[Opening AVAILABLE RECORDS section]
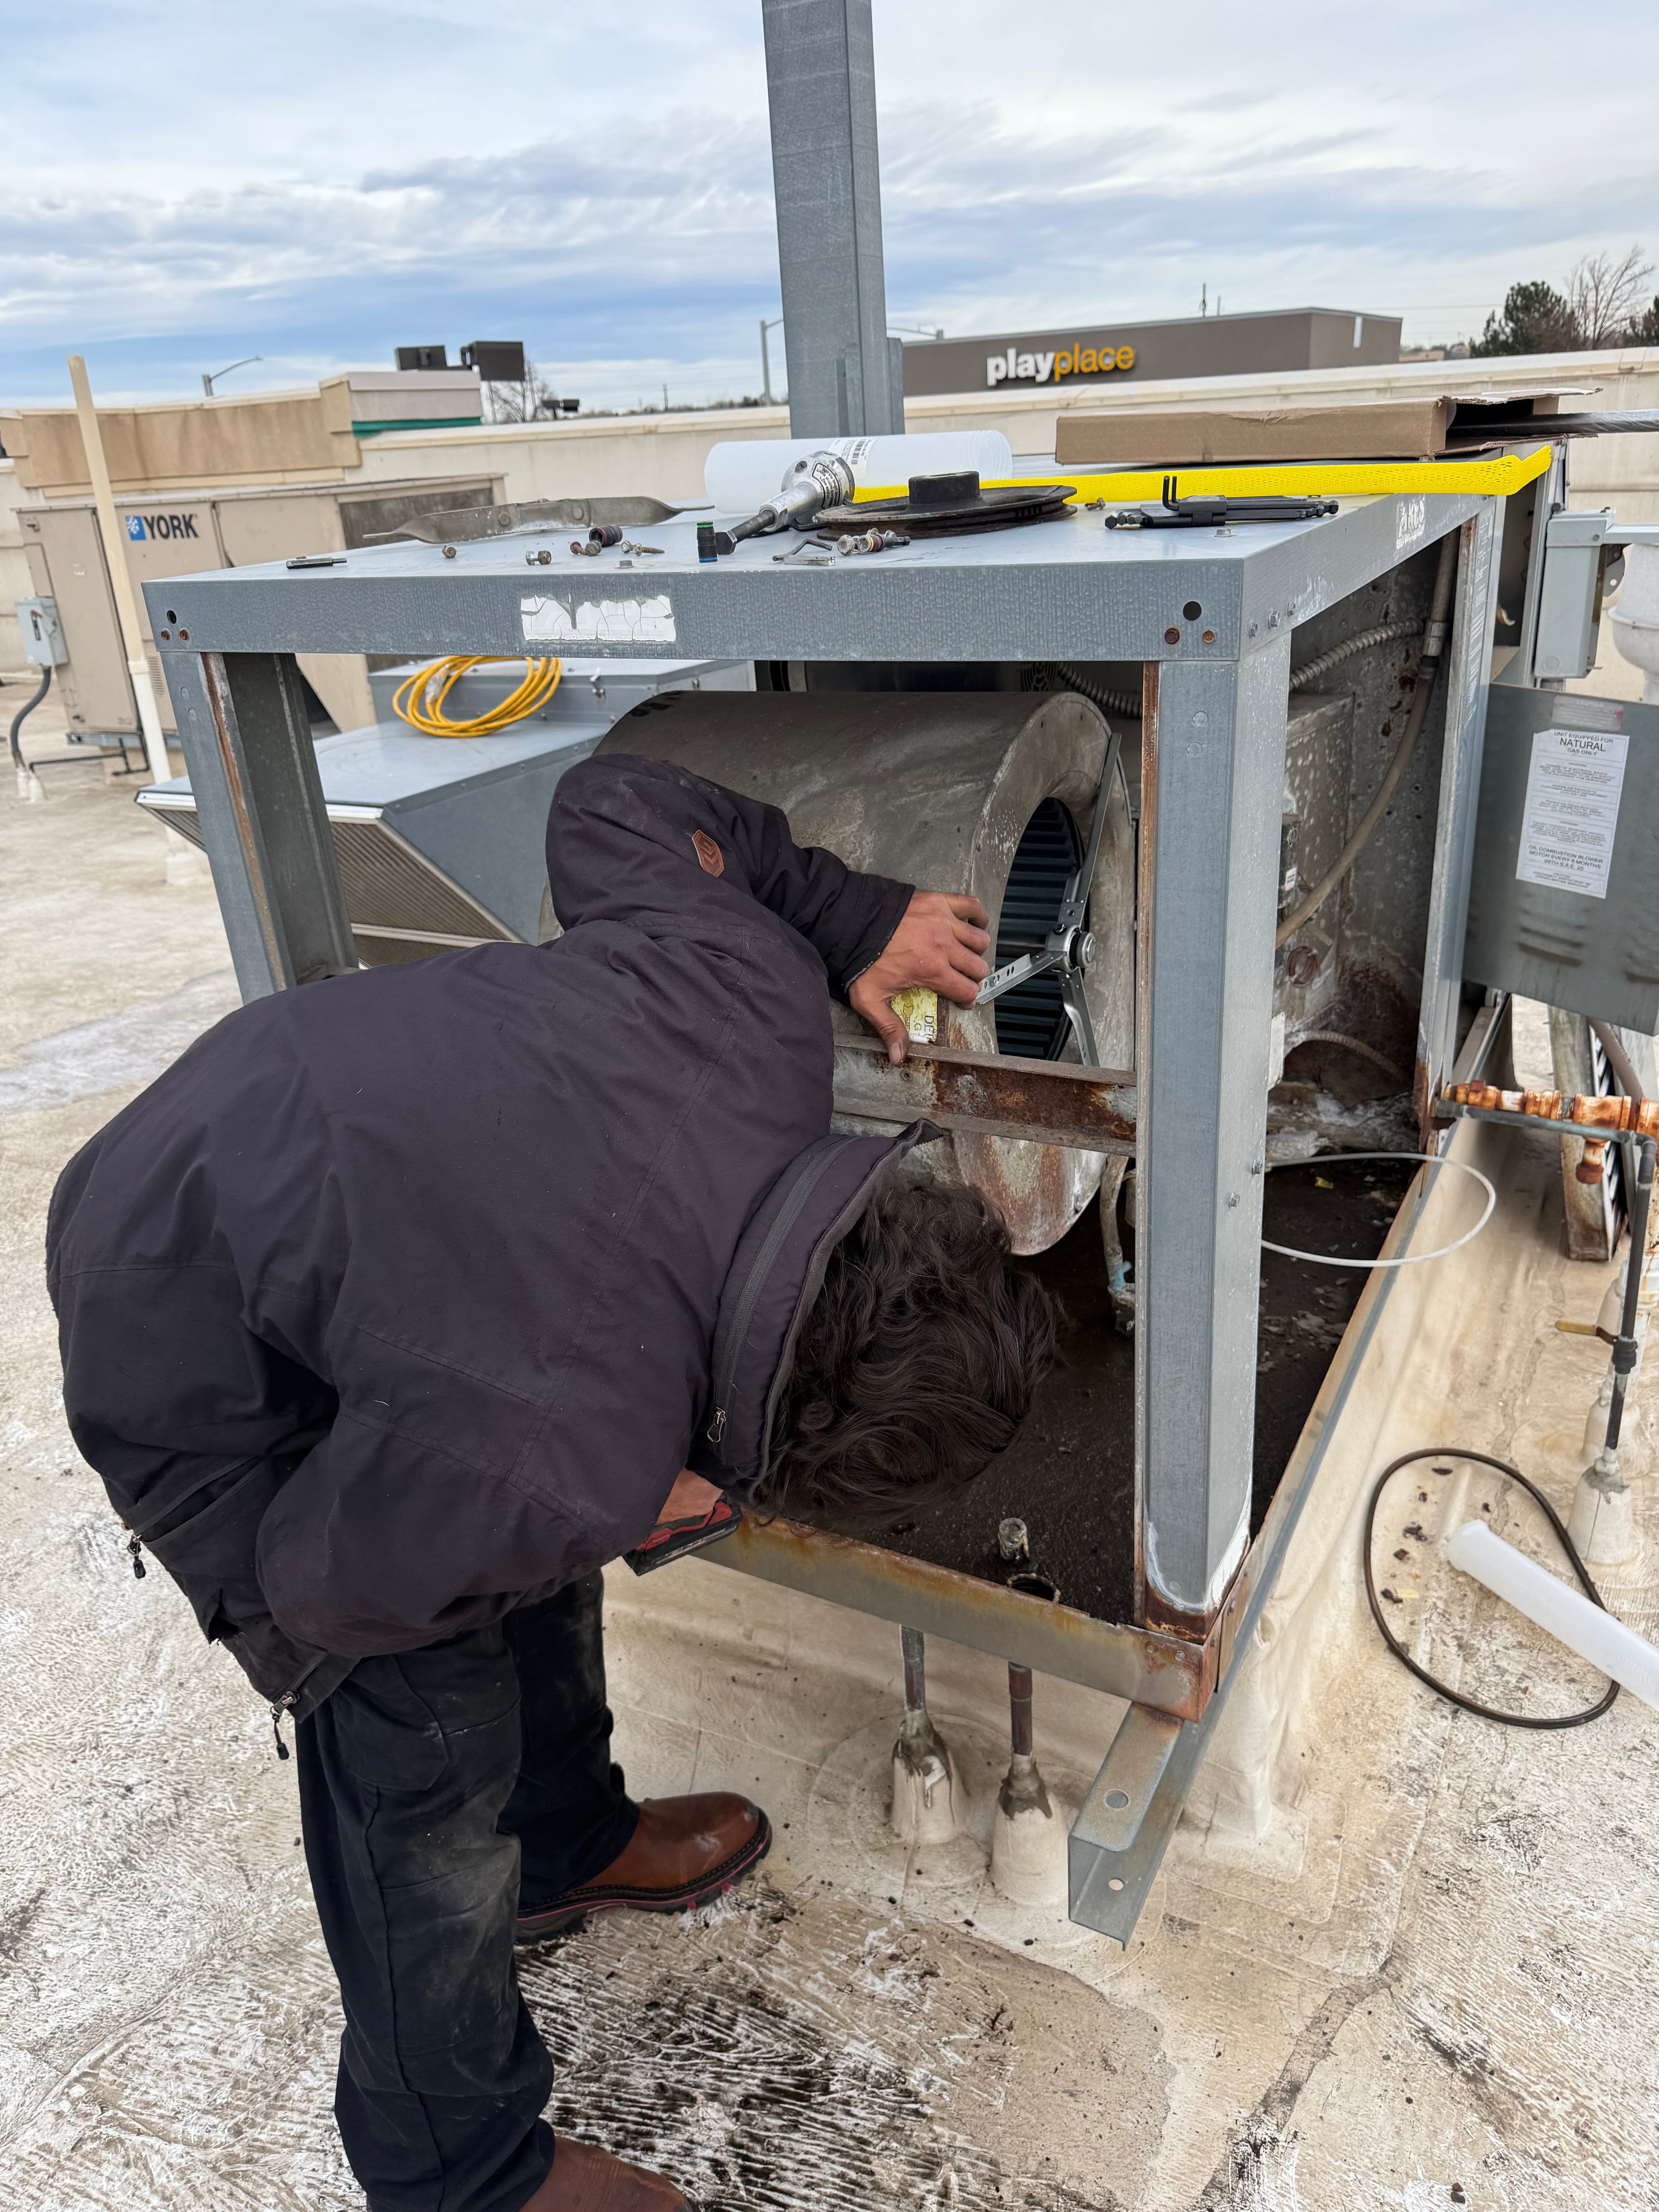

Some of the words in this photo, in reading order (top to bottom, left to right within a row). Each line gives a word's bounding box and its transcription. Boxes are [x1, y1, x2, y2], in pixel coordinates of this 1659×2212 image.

[987, 343, 1134, 386] playplace
[143, 514, 199, 539] YORK
[1560, 737, 1605, 752] NATURAL
[1539, 846, 1577, 859] COMBUSTION
[1578, 855, 1603, 864] BLOWER
[1551, 855, 1570, 863] EVERY
[1576, 859, 1601, 869] MONTHS
[Closing AVAILABLE RECORDS section]
## YOUR OBJECTIVE
Write the records out again exactly; none of the pictures belong in the copy.

## WRITTEN REPLY
Some of the words in this photo, in reading order (top to bottom, left to right within a row). Each line gives a word's bounding box and its transcription. Boxes are [x1, y1, x2, y2], in pixel coordinates of this 1659×2212 image.

[987, 343, 1134, 386] playplace
[143, 514, 199, 539] YORK
[1560, 737, 1605, 752] NATURAL
[1539, 846, 1577, 859] COMBUSTION
[1578, 855, 1603, 864] BLOWER
[1551, 855, 1570, 863] EVERY
[1576, 859, 1601, 869] MONTHS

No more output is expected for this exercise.